The disappointing jobs report was met with more calls from business groups and Republican leaders to curtail weekly $300 enhanced unemployment benefits. The argument is that the generous federal benefit—which is paid on top of state benefits—is incentivizing jobless Americans to not go back to work.
“The disappointing jobs report makes it clear that paying people not to work is dampening what should be a stronger jobs market,” tweeted the U.S. Chamber of Commerce.
The White House disputes that narrative. Instead, Treasury Secretary Janet Yellen points to closed schools and childcare centers as much bigger obstacles holding back the job market.
While the federal government is unlikely to end the program before the September expiration, some Republican-controlled states are already announcing plans to ax it. That includes Montana, which became the first state to announce it would opt out of the enhanced unemployment program. It will exit the week of June 27, and instead state leaders say they plan to pass legislation to offer jobless residents a $1,200 bonus if they return to work.
To help jobless Americans better understand what’s going on, Fortune created a guide laying out what we know about the future of the $300 enhanced unemployment benefit.
How many states have opted out of the $300 benefit? Are there any repercussions?
Alabama, Arkansas, Montana, and South Carolina have all taken official steps to opt out of the $300 enhanced unemployment benefit. Those states are all run by Republican governors who have spoken out against the program. More Republican states could soon follow suit.
States do have the power to opt out of the enhanced program, and face no legal repercussions for withdrawing. However, eligible residents in those states will still receive regular, state-issued unemployment benefits.

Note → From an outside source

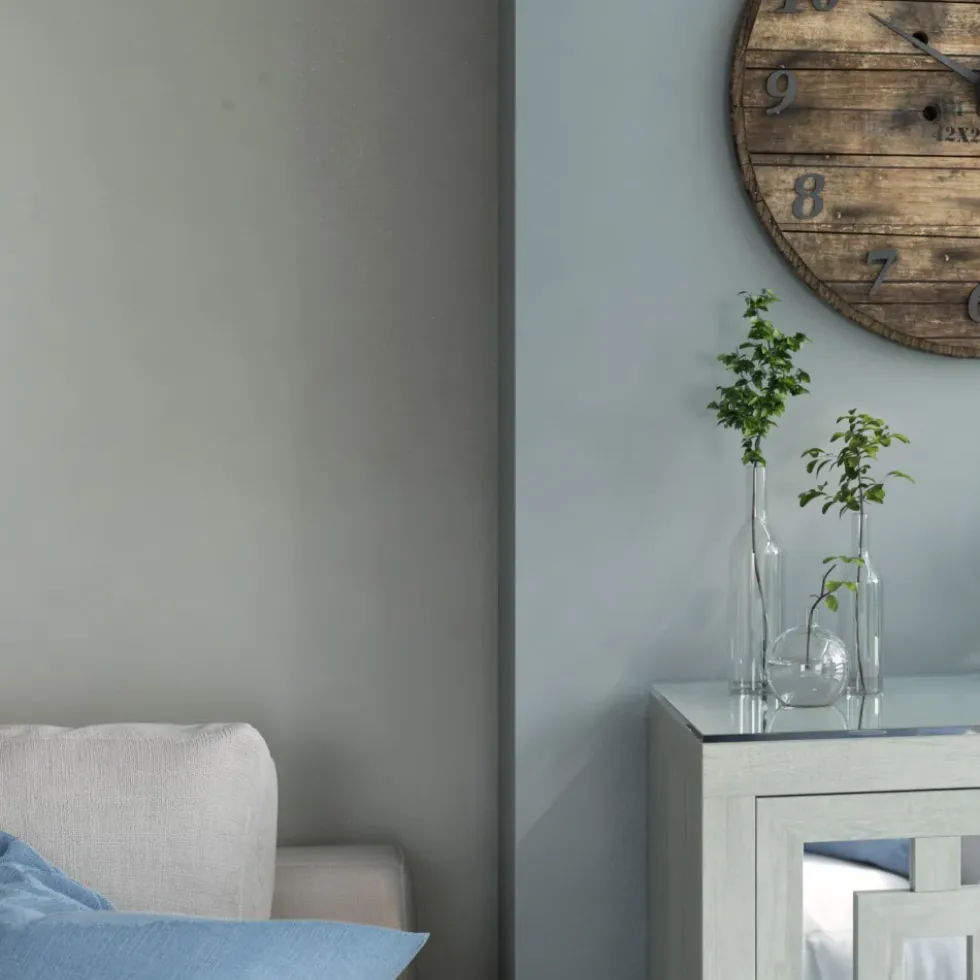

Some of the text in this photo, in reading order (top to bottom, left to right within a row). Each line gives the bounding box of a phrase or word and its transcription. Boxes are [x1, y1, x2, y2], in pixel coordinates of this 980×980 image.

[765, 70, 797, 115] 9
[791, 173, 825, 220] 8
[867, 250, 898, 296] 7
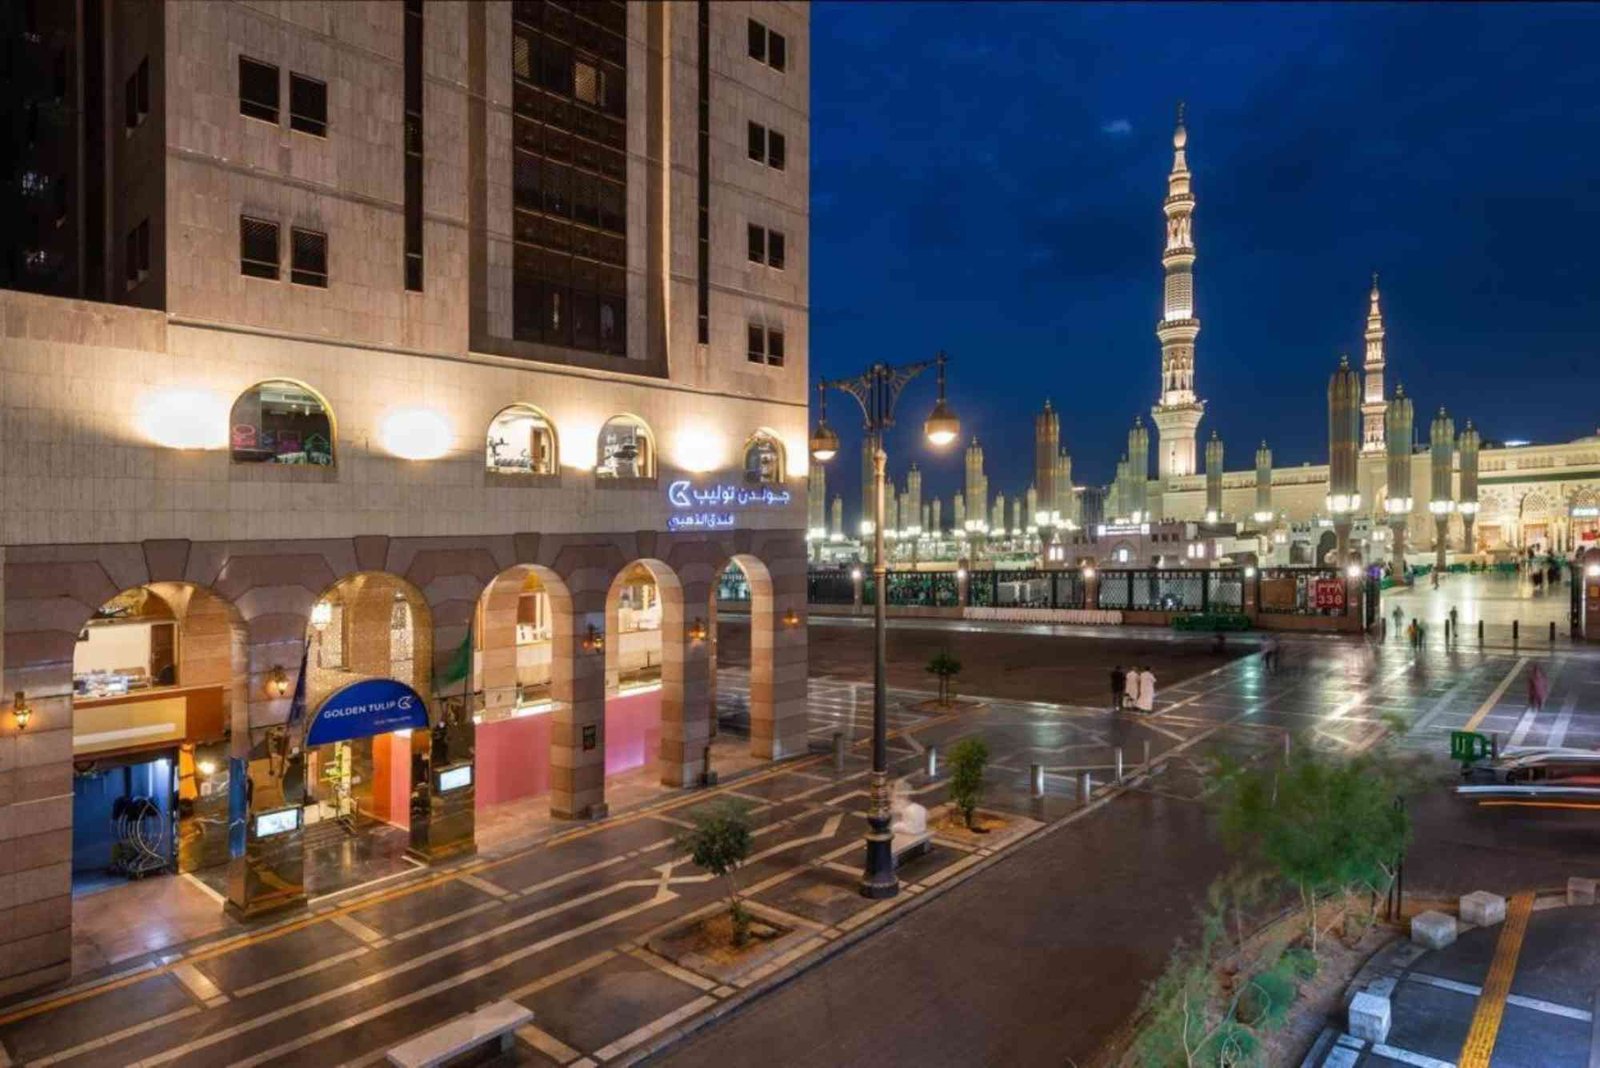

If states remain in the program, how long will the $300 unemployment benefits last?
Residents in states that do not opt out of the program will continue to receive the enhanced $300 unemployment through the week of Sept. 6—that is, if they retain their eligibility for unemployment insurance.
Who is eligible for the $300 weekly unemployment benefits?
The passage of the CARES Act in March 2020 expanded eligibility for unemployment benefits. That expansion was extended by the package signed into law in March 2021. Eligibility now extends to jobless part-timers, self-employed workers, freelancers, and independent contractors. These unemployed Americans covered through Pandemic Unemployment Assistance, along with anyone on traditional state unemployment rolls, automatically get the $300 weekly federal benefit.
All of this is on top of recipients’ state unemployment insurance benefit. For instance, a worker in New York who gets the maximum state benefit of $504 per week would receive a total of $804 per week.
What about PUA and PEUC unemployment protections?
The $1.9 trillion package signed into law by President Biden in March extended Pandemic Unemployment Assistance (PUA) and Pandemic Emergency Unemployment Compensation (PEUC) from March 14 to Sept. 6. PUA expands who is eligible for unemployment benefits to include people like business owners, part-timers, and freelancers. PEUC grants an extra 24 weeks of jobless benefits to recipients once they exhaust their state benefits. Even if states opt out of the $300 extra unemployment payments, eligible residents in those states would still be covered by PEUC and PUA.